- _Dataset items_
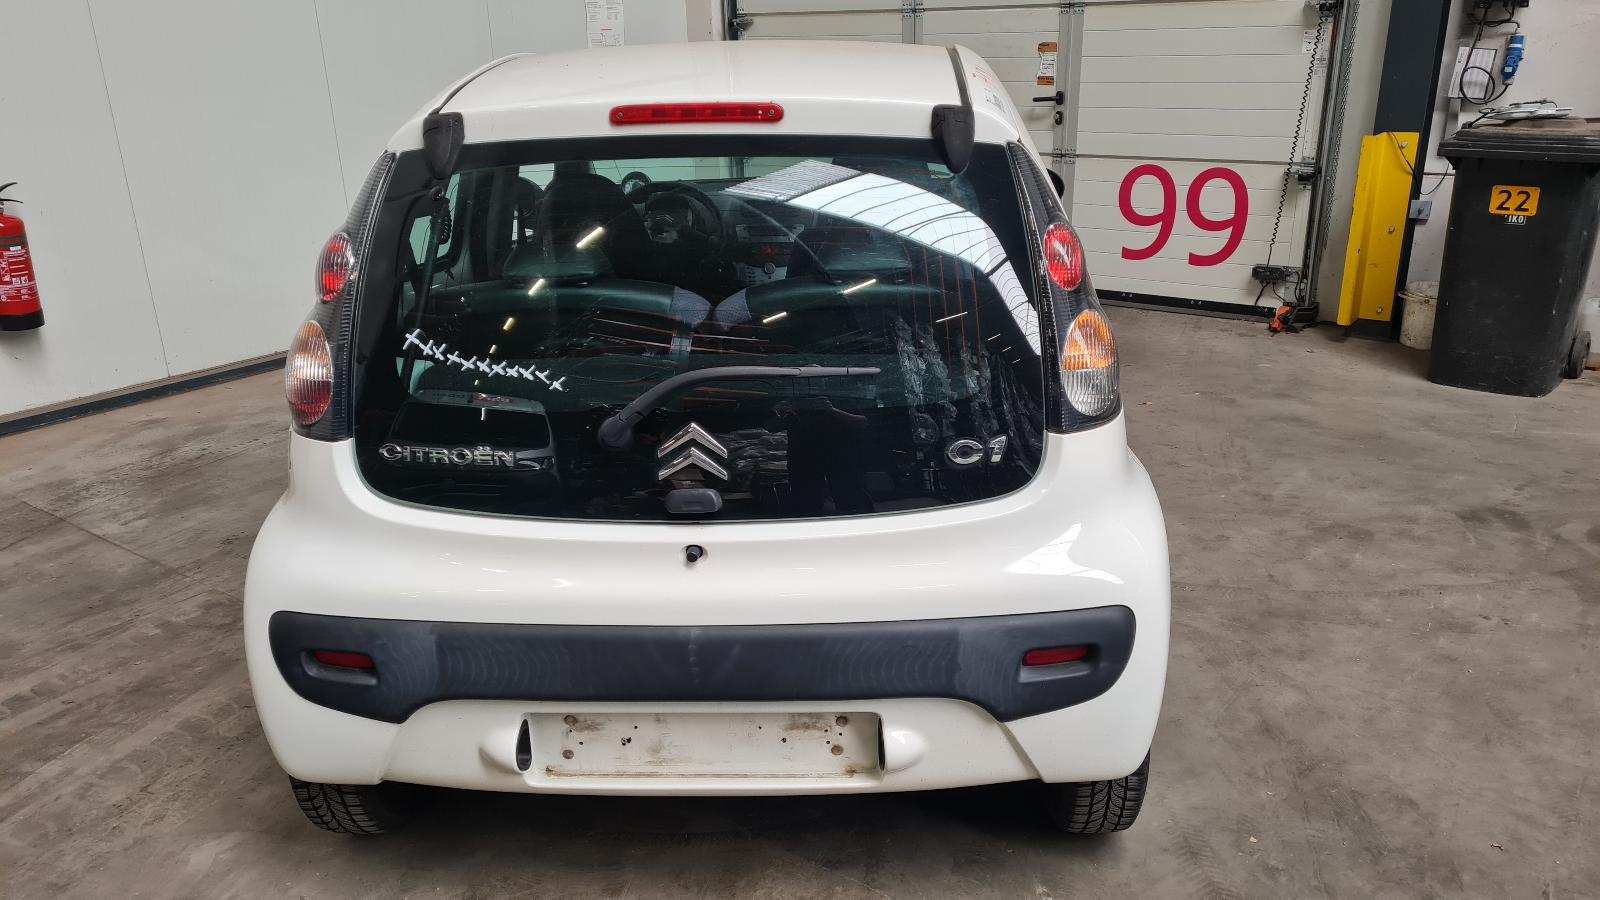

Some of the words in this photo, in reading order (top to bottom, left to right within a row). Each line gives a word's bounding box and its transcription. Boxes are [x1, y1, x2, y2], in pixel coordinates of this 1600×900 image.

[1496, 189, 1531, 212] 22
[1119, 164, 1249, 267] 99
[1504, 215, 1524, 223] IKO
[378, 443, 514, 467] CITROËN
[948, 435, 1007, 465] C1
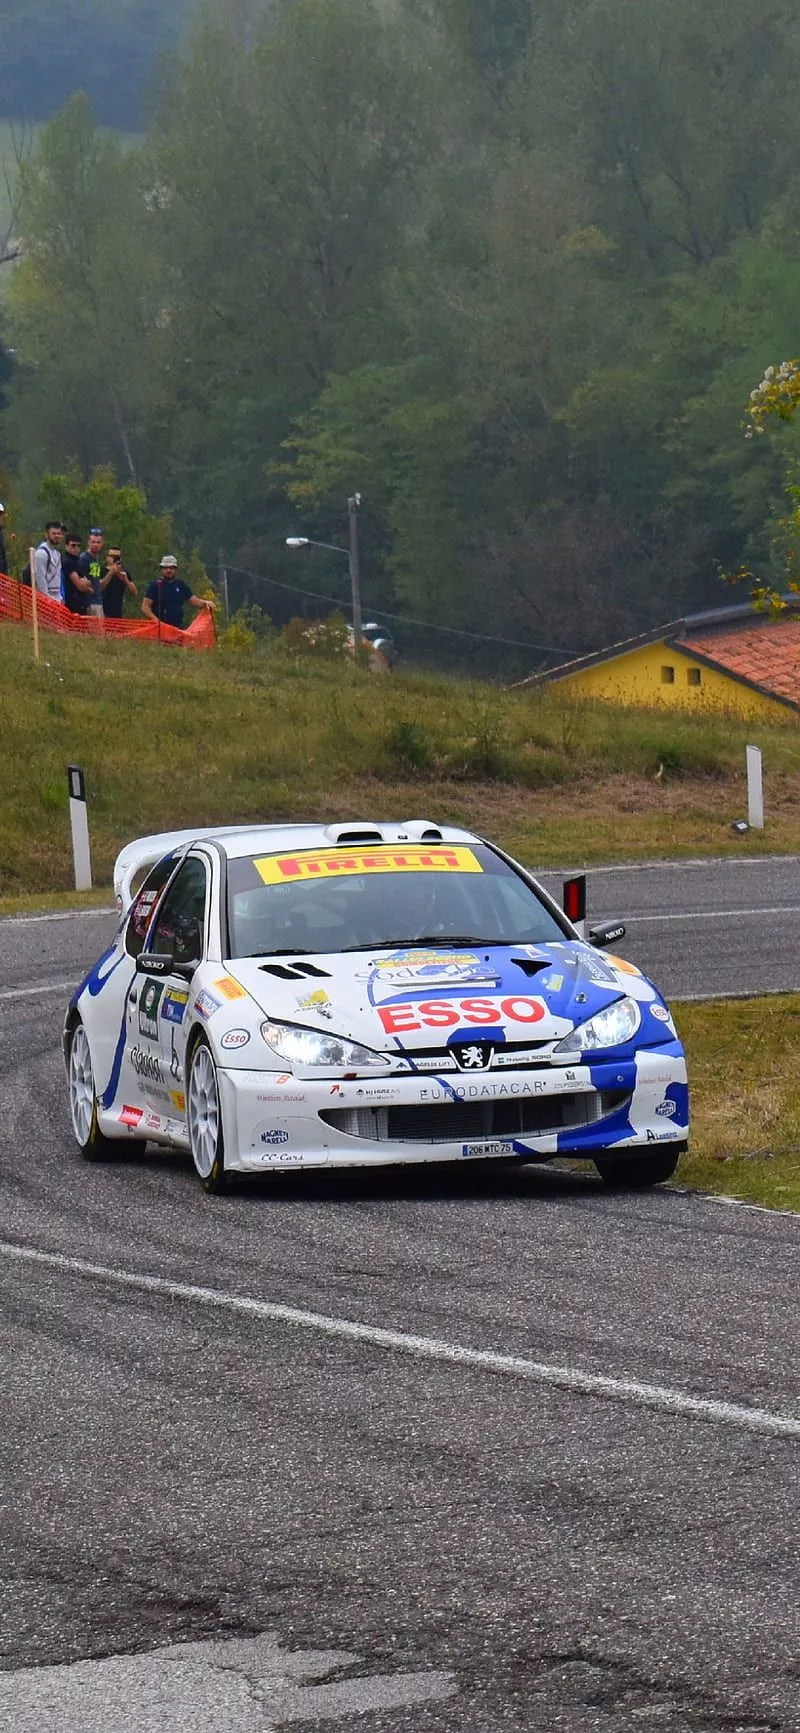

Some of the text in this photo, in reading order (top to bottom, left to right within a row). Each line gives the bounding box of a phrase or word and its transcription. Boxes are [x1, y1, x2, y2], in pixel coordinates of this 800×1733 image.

[276, 850, 460, 877] PIRELLI
[377, 997, 545, 1034] ESSO
[420, 1081, 543, 1100] EURODATACAR
[469, 1143, 511, 1154] 206 MTC 75
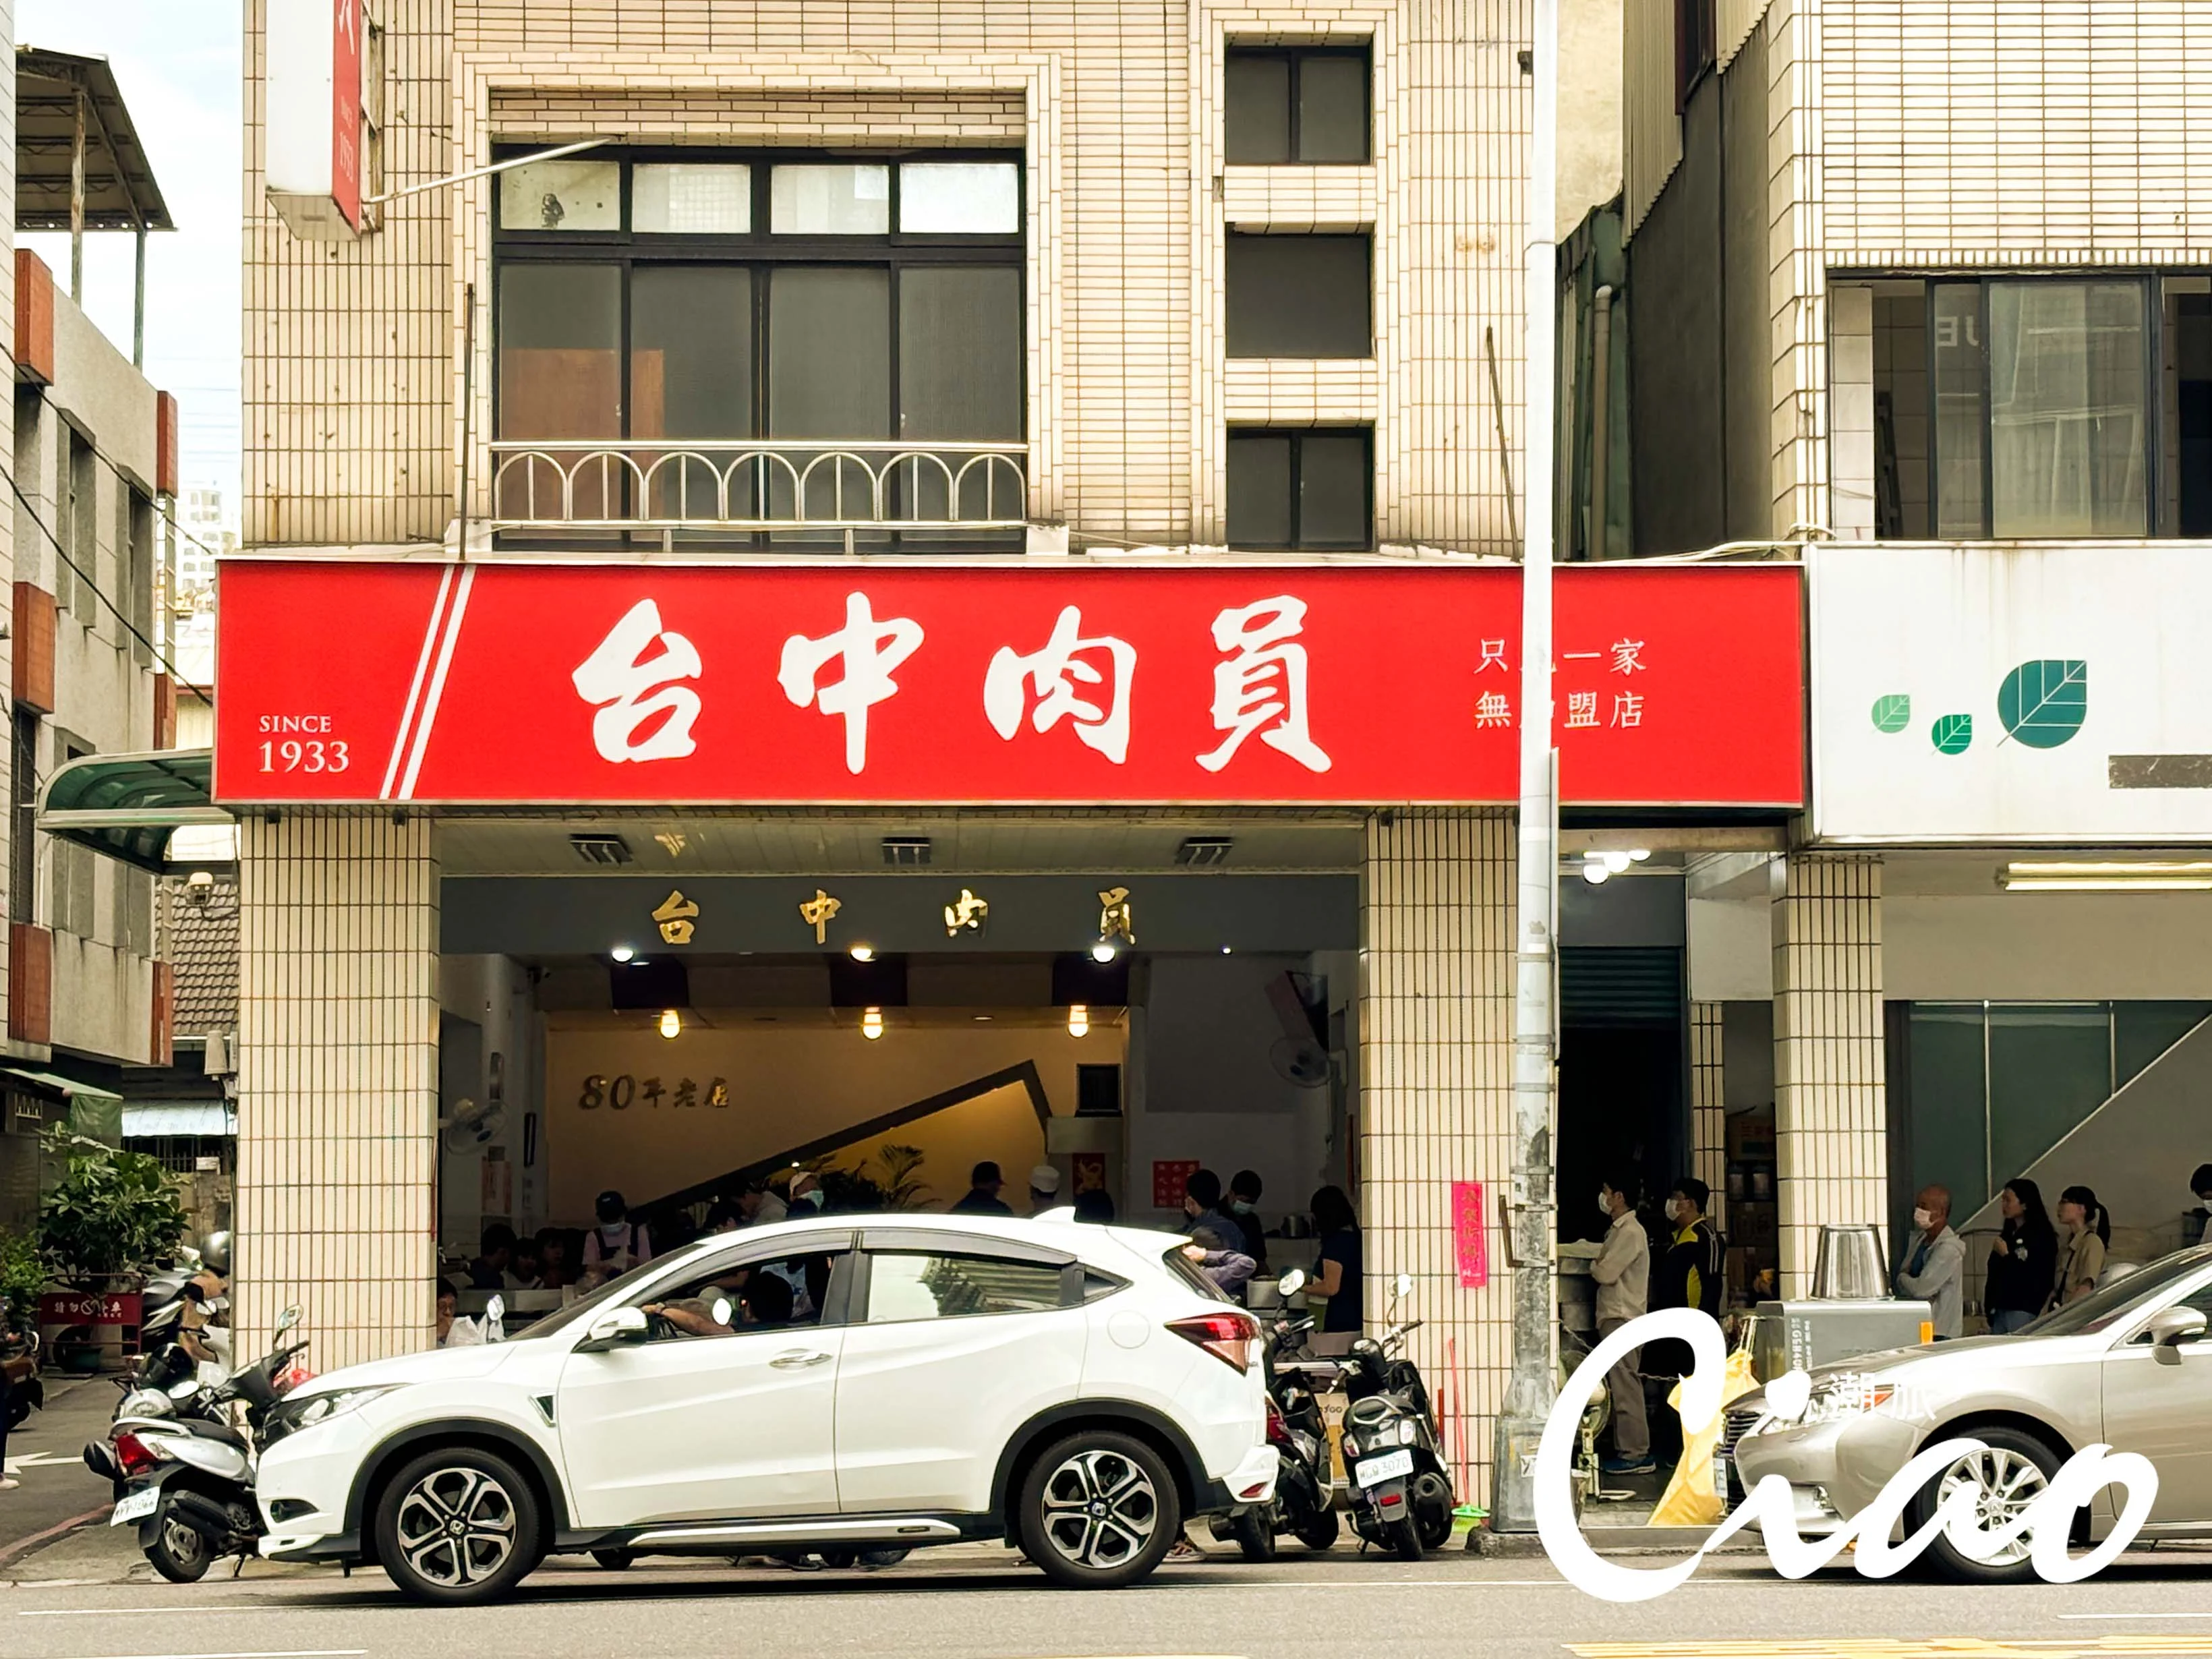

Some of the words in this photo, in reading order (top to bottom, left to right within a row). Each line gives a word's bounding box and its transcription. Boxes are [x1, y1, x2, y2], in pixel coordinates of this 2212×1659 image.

[1474, 638, 1646, 675] 只一家
[572, 591, 1331, 776] 台中肉員
[259, 716, 331, 733] SINCE
[1475, 691, 1645, 729] 無盟店
[259, 740, 349, 773] 1933
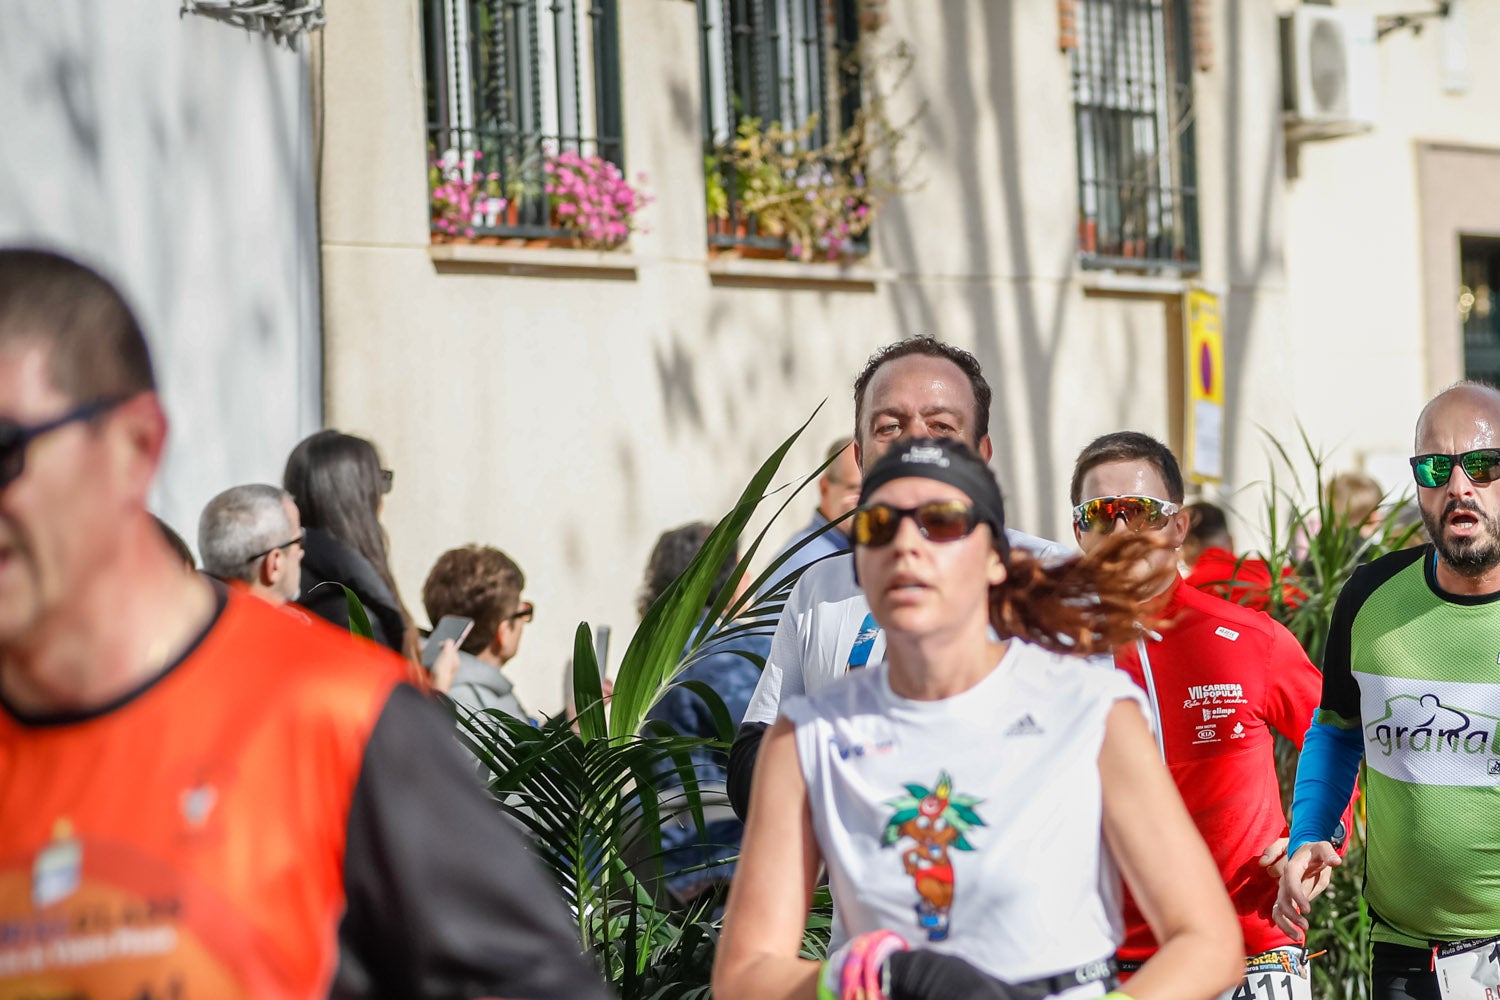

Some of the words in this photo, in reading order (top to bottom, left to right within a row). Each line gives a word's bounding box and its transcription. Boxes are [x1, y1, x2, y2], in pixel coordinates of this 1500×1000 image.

- _WHAT THE TASK REQUIRES_
Repeat the records above word for word. Pictures stay out of the copy.

- _YOUR RESPONSE_
Some of the words in this photo, in reading order (top to bottom, left to right within a row). Each line gives a word's bounding box and its transcription. Boxes are [x1, y1, x2, y2], in pixel coordinates of this 1600×900 image.

[1496, 189, 1531, 212] 22
[1119, 164, 1249, 267] 99
[1504, 215, 1524, 223] IKO
[378, 443, 514, 467] CITROËN
[948, 435, 1007, 465] C1

Some of the text in this photo, in reading order (top to bottom, left to right within a row). Each line gives the bounding box of a phrase or word and its transcription. Boxes are [x1, y1, x2, y2], in pixel coordinates of this 800×1733 image.

[276, 850, 460, 877] PIRELLI
[377, 997, 545, 1034] ESSO
[420, 1081, 543, 1100] EURODATACAR
[469, 1143, 511, 1154] 206 MTC 75

Some of the words in this photo, in reading order (top to bottom, left to right within a row). Each line gives a word's bounding box and its transcription. Boxes are [x1, y1, x2, y2], in pixel coordinates of this 2212×1659 image.

[1474, 638, 1646, 675] 只一家
[572, 591, 1331, 776] 台中肉員
[259, 716, 331, 733] SINCE
[1475, 691, 1645, 729] 無盟店
[259, 740, 349, 773] 1933

Some of the words in this photo, in reading order (top to bottom, left to right within a row). Each line gives a word's bounding box and its transcription. Boxes are [x1, y1, x2, y2], in pixel coordinates of this 1500×1000 image.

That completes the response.